Images for object localization
☆ ☆ ☆ ☆ ☆

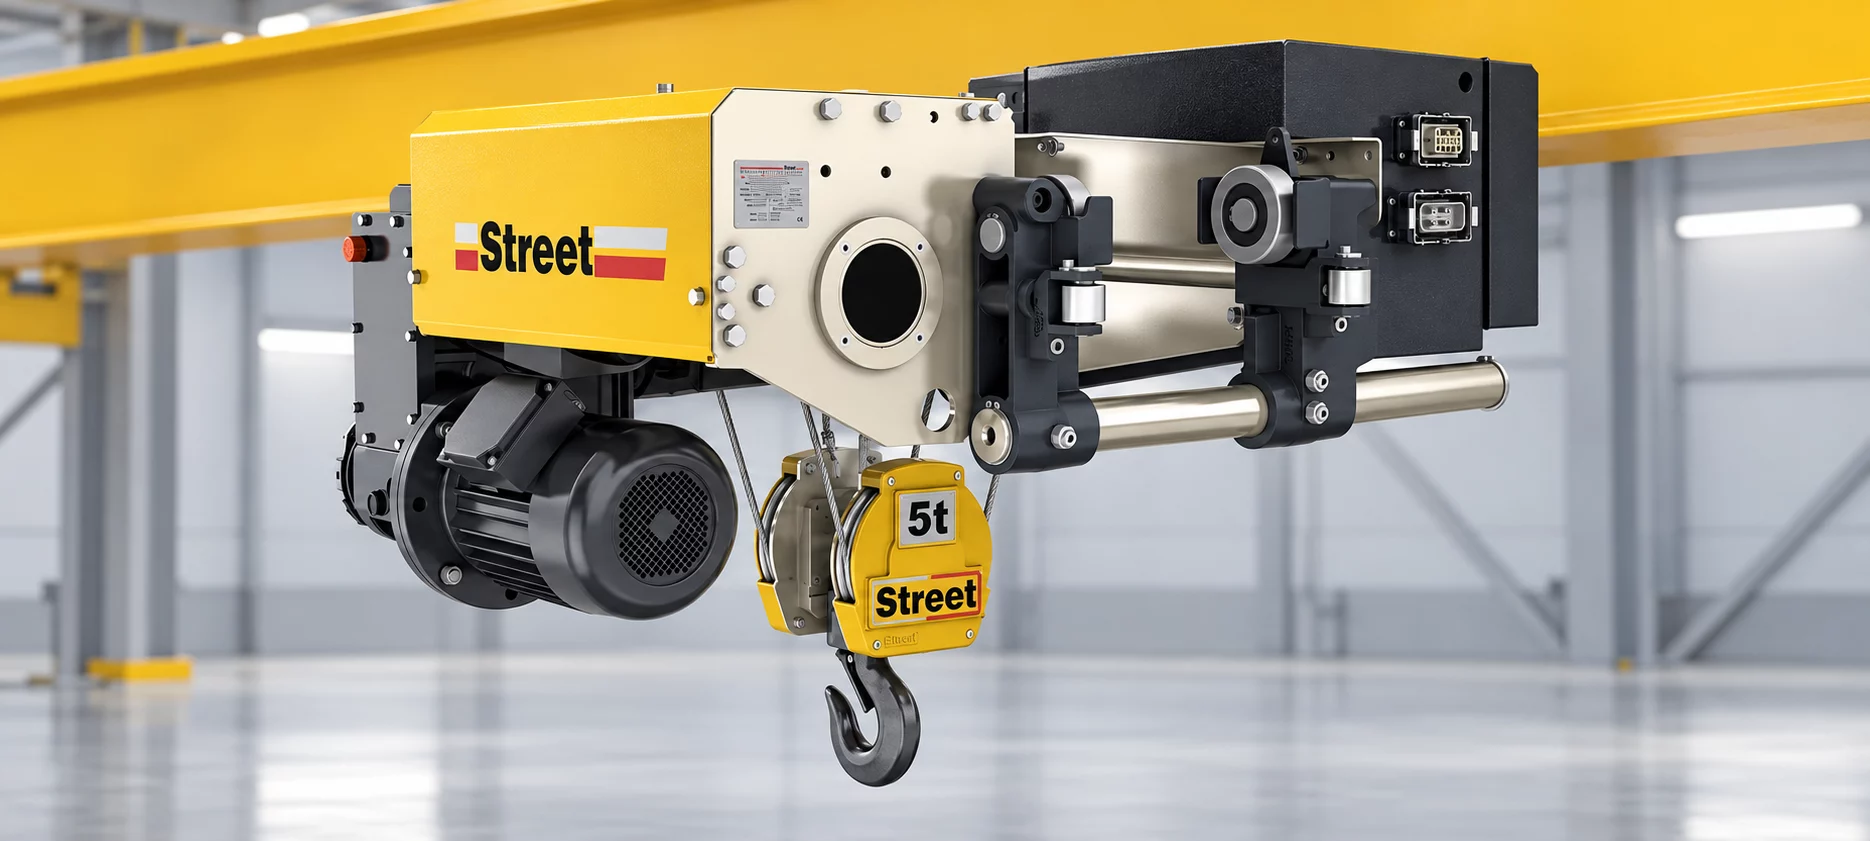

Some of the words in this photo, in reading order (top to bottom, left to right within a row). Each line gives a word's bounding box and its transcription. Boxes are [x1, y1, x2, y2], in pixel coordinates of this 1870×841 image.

[480, 220, 593, 276] Street
[908, 500, 949, 537] 5t
[875, 579, 977, 618] Street
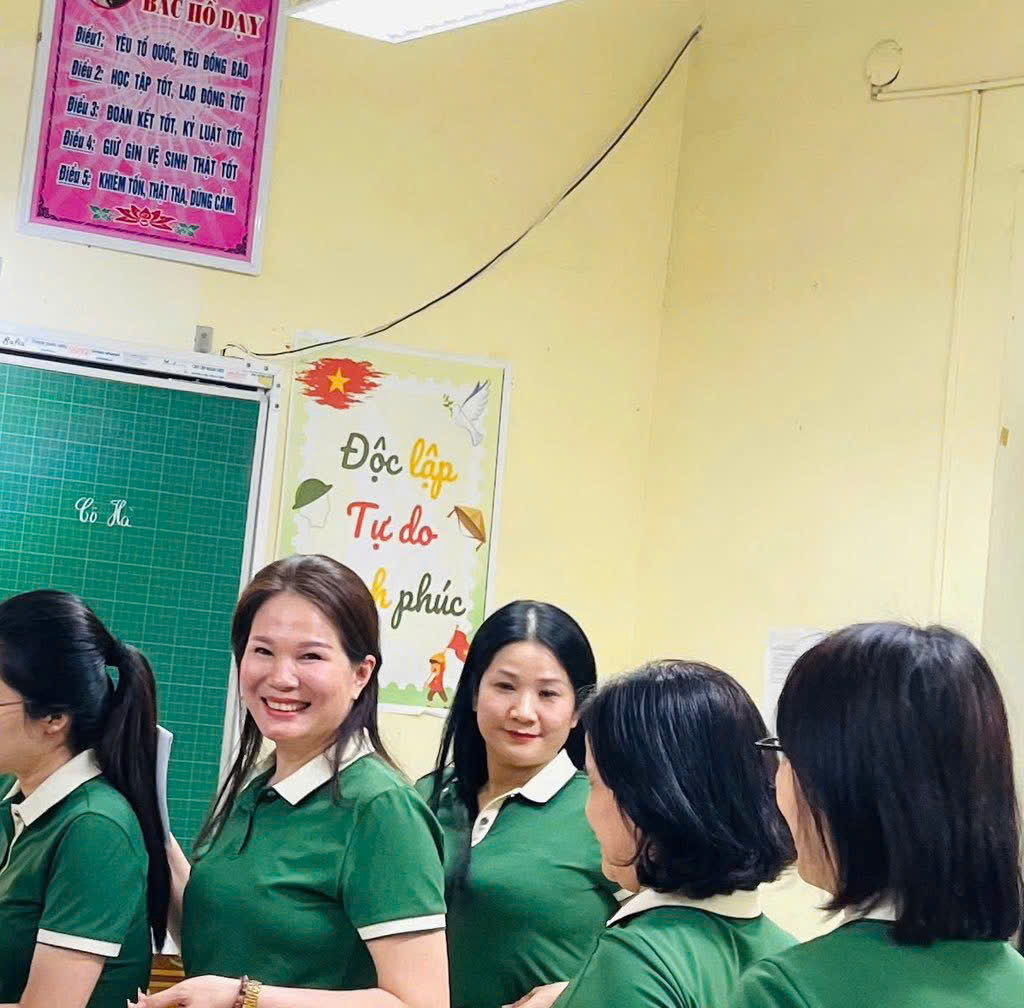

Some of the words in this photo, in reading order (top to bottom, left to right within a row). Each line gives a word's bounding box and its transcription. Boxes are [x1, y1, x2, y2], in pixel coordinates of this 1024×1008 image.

[220, 9, 264, 40] DẠY
[111, 68, 130, 89] HỌC
[134, 72, 152, 94] TẬP
[179, 83, 196, 102] LAO
[164, 151, 188, 170] SINH
[340, 432, 403, 483] Độc
[409, 437, 458, 501] lập
[347, 501, 393, 551] Tự
[399, 505, 439, 547] do
[391, 573, 467, 630] phúc
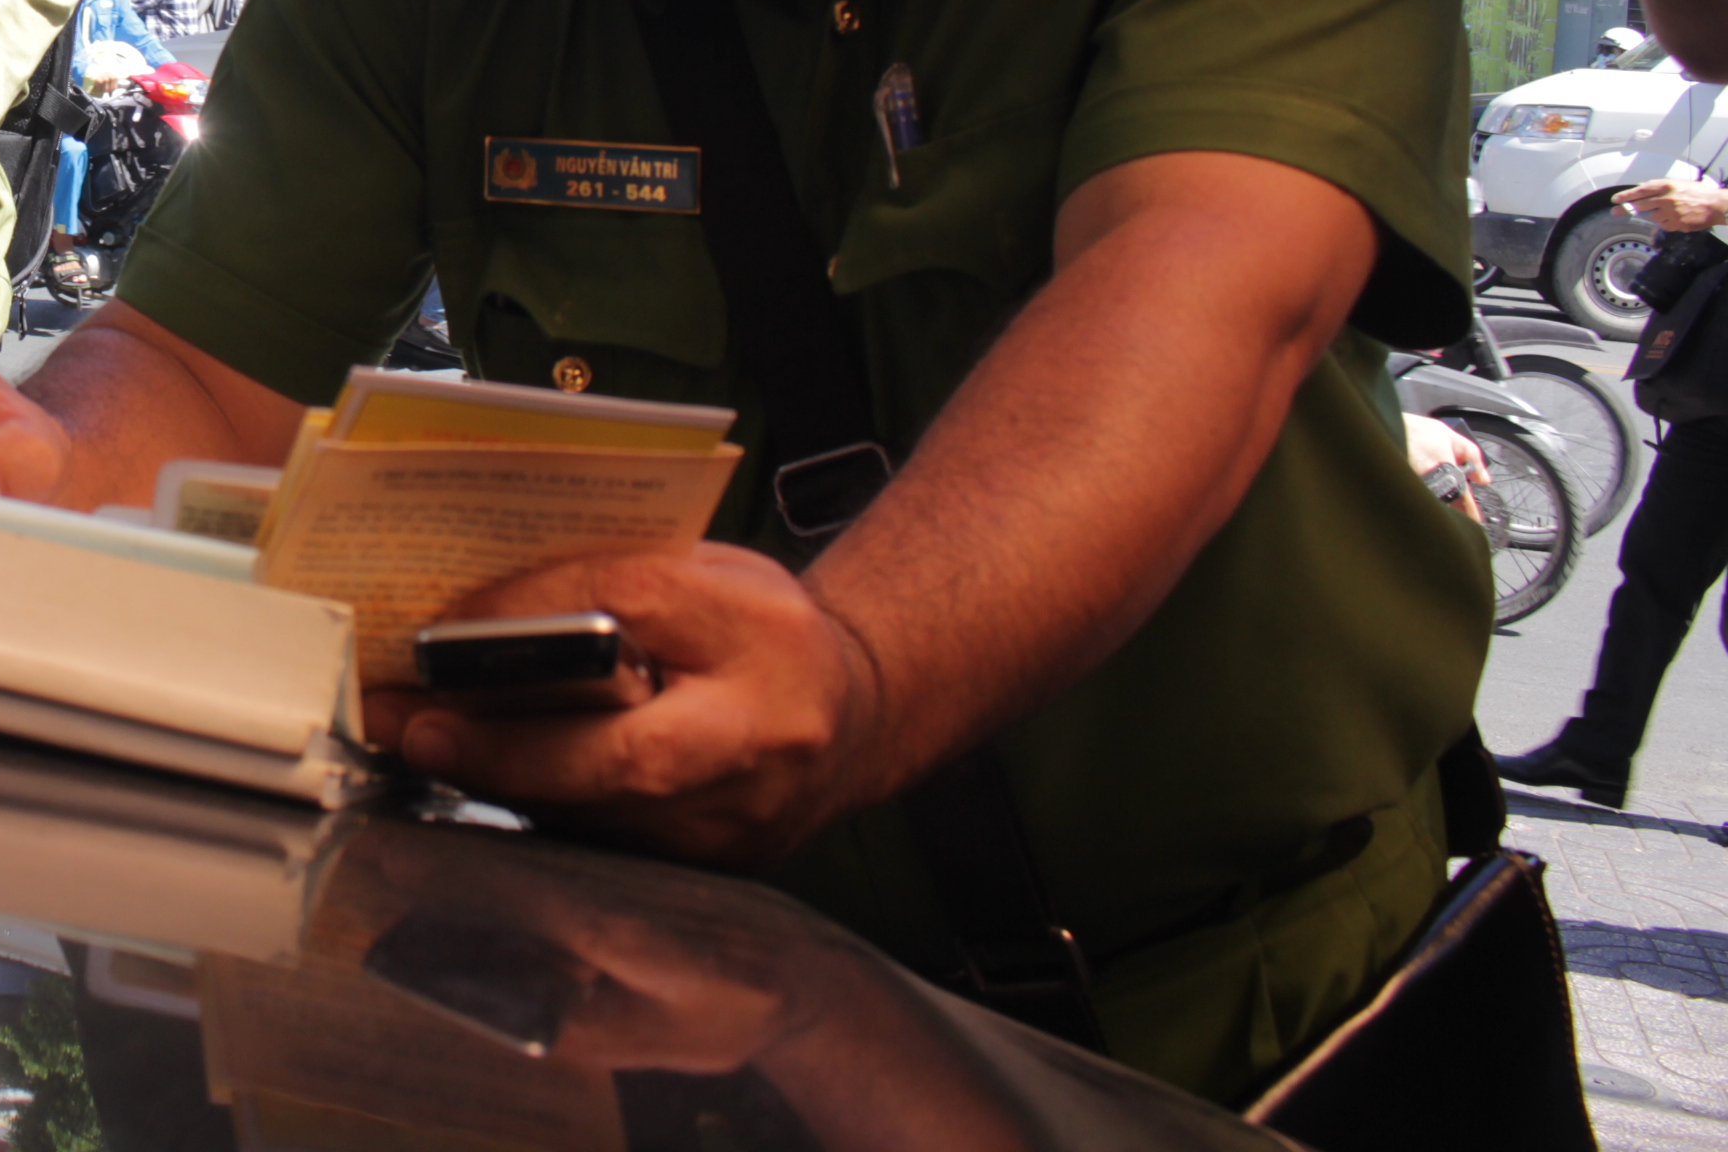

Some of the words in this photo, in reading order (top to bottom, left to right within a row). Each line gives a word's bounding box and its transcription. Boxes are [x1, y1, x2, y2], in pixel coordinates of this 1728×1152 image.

[621, 155, 652, 178] VĂN
[654, 158, 679, 179] TRÍ
[566, 180, 604, 199] 261
[625, 183, 668, 203] 544
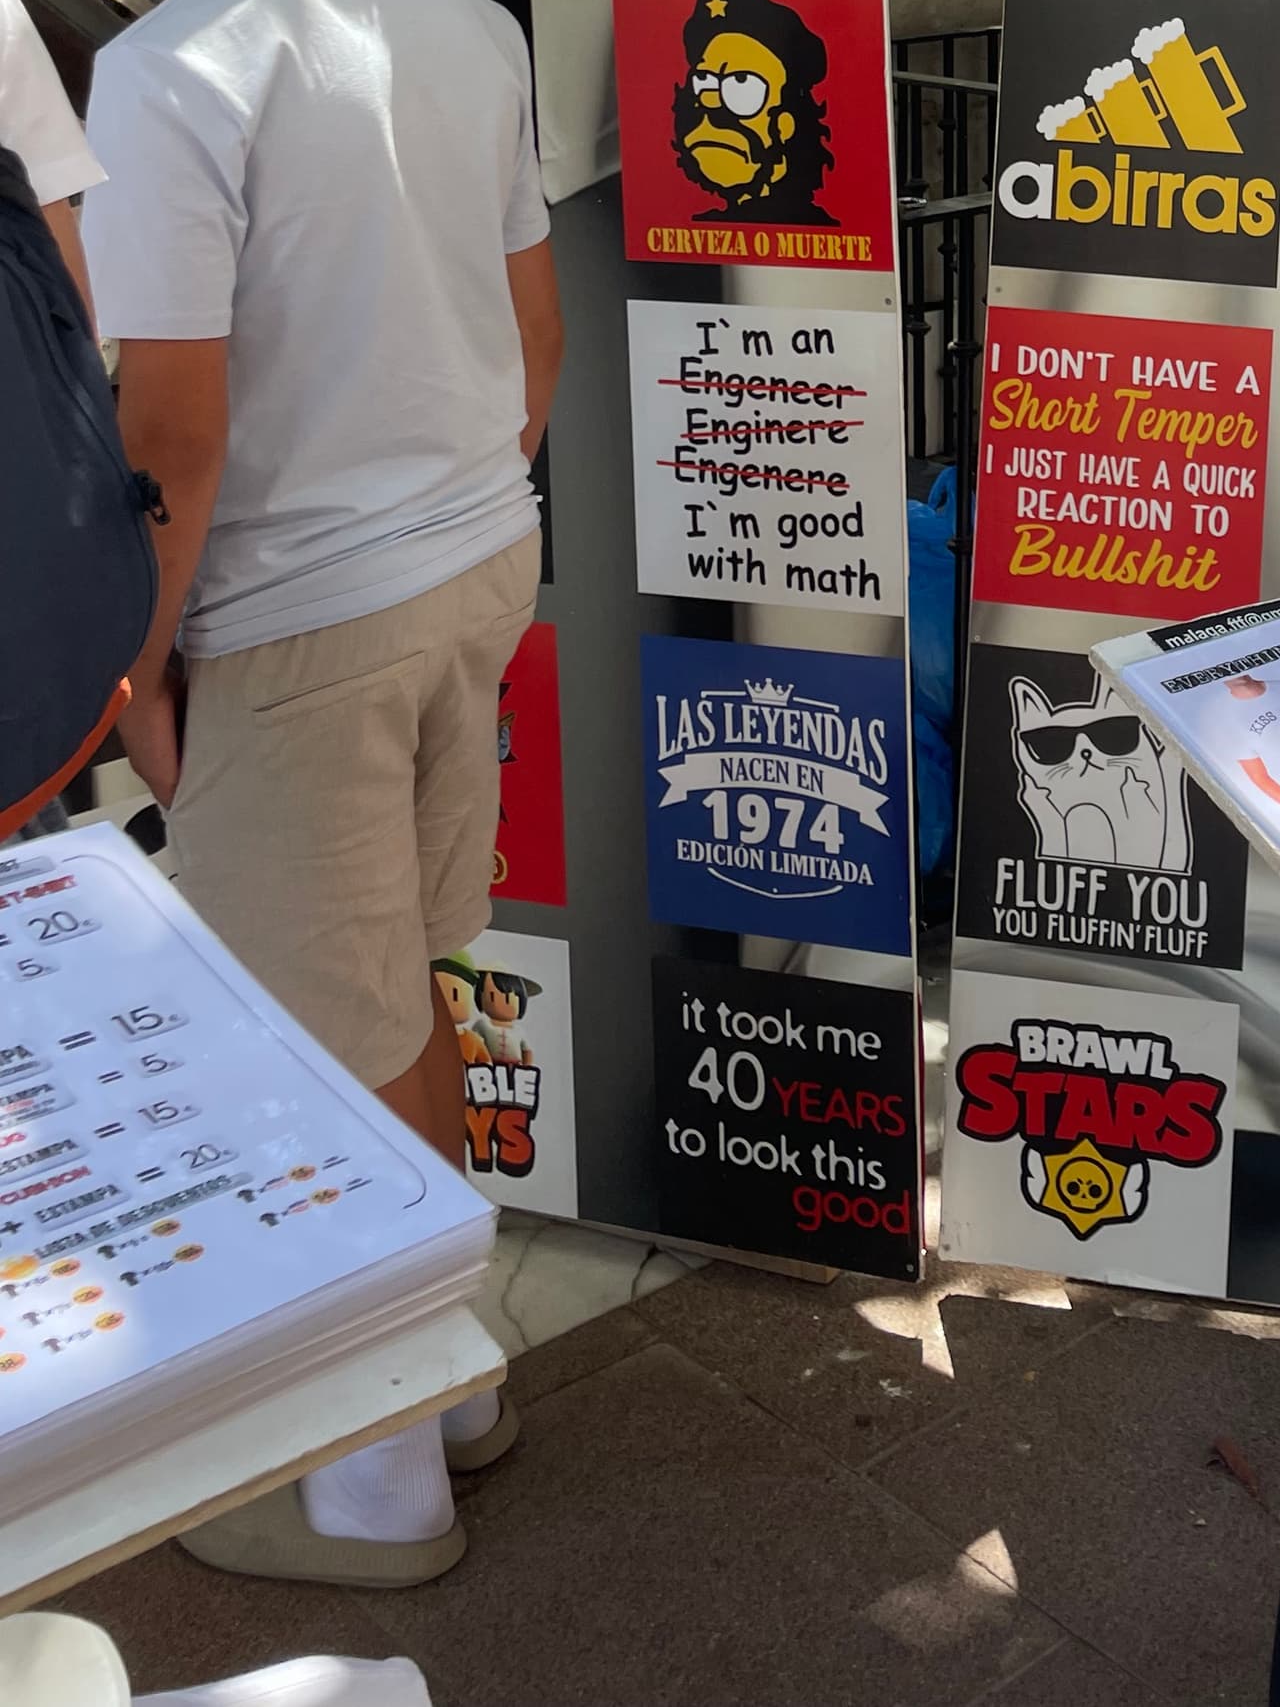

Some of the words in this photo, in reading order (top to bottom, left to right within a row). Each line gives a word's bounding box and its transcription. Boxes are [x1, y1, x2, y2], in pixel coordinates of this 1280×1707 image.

[998, 148, 1276, 236] abirras
[647, 227, 748, 256] CERVEZA
[754, 232, 770, 256] O
[777, 232, 872, 262] MUERTE
[989, 377, 1101, 435] Short
[1113, 388, 1258, 459] Temper
[1017, 486, 1173, 532] REACTION
[1190, 503, 1229, 538] TO
[688, 547, 766, 586] with
[786, 559, 881, 600] math
[1008, 523, 1222, 592] Bullshit
[656, 695, 715, 761] LAS
[723, 703, 888, 785] LEYENDAS
[1250, 712, 1277, 734] KISS
[719, 757, 790, 786] NACEN
[796, 764, 824, 795] EN
[702, 790, 844, 855] 1974
[676, 838, 764, 871] EDICIÓN
[770, 850, 874, 886] LIMITADA
[995, 857, 1108, 916] FLUFF
[1127, 873, 1208, 927] YOU
[992, 907, 1038, 938] YOU
[1047, 914, 1141, 948] FLUFFIN'
[1145, 925, 1209, 959] FLUFF
[682, 991, 706, 1033] it
[717, 1002, 806, 1050] took
[817, 1025, 882, 1060] me
[688, 1047, 766, 1111] 40
[772, 1077, 906, 1137] YEARS
[665, 1117, 706, 1157] to
[718, 1121, 803, 1176] look
[812, 1139, 886, 1190] this
[792, 1185, 910, 1234] good

☆ ☆ ☆ ☆ ☆

WHAT IS REQUIRED: Restate the entries word for word, though any image they contain should not appear.

WRITTEN ANSWER:
Some of the words in this photo, in reading order (top to bottom, left to right within a row). Each line gives a word's bounding box and its transcription. Boxes are [x1, y1, x2, y2], in pixel coordinates of this 1870×841 image.

[480, 220, 593, 276] Street
[908, 500, 949, 537] 5t
[875, 579, 977, 618] Street

Some of the words in this photo, in reading order (top to bottom, left to right within a row). Each line gives a word's bounding box and its transcription. Boxes are [x1, y1, x2, y2], in pixel coordinates of this 1024×1008 image.

[220, 9, 264, 40] DẠY
[111, 68, 130, 89] HỌC
[134, 72, 152, 94] TẬP
[179, 83, 196, 102] LAO
[164, 151, 188, 170] SINH
[340, 432, 403, 483] Độc
[409, 437, 458, 501] lập
[347, 501, 393, 551] Tự
[399, 505, 439, 547] do
[391, 573, 467, 630] phúc

Some of the words in this photo, in reading order (top to bottom, left to right within a row). Each line gives a word's bounding box and its transcription. Boxes are [x1, y1, x2, y2], in pixel coordinates of this 1728×1152 image.

[621, 155, 652, 178] VĂN
[654, 158, 679, 179] TRÍ
[566, 180, 604, 199] 261
[625, 183, 668, 203] 544

Some of the words in this photo, in reading order (top to bottom, left to right within a row). Each line gives a word's bounding box and its transcription. Boxes are [x1, y1, x2, y2], in pixel coordinates of this 1280×1707 image.

[998, 148, 1276, 236] abirras
[647, 227, 748, 256] CERVEZA
[754, 232, 770, 256] O
[777, 232, 872, 262] MUERTE
[989, 377, 1101, 435] Short
[1113, 388, 1258, 459] Temper
[1017, 486, 1173, 532] REACTION
[1190, 503, 1229, 538] TO
[688, 547, 766, 586] with
[786, 559, 881, 600] math
[1008, 523, 1222, 592] Bullshit
[656, 695, 715, 761] LAS
[723, 703, 888, 785] LEYENDAS
[1250, 712, 1277, 734] KISS
[719, 757, 790, 786] NACEN
[796, 764, 824, 795] EN
[702, 790, 844, 855] 1974
[676, 838, 764, 871] EDICIÓN
[770, 850, 874, 886] LIMITADA
[995, 857, 1108, 916] FLUFF
[1127, 873, 1208, 927] YOU
[992, 907, 1038, 938] YOU
[1047, 914, 1141, 948] FLUFFIN'
[1145, 925, 1209, 959] FLUFF
[682, 991, 706, 1033] it
[717, 1002, 806, 1050] took
[817, 1025, 882, 1060] me
[688, 1047, 766, 1111] 40
[772, 1077, 906, 1137] YEARS
[665, 1117, 706, 1157] to
[718, 1121, 803, 1176] look
[812, 1139, 886, 1190] this
[792, 1185, 910, 1234] good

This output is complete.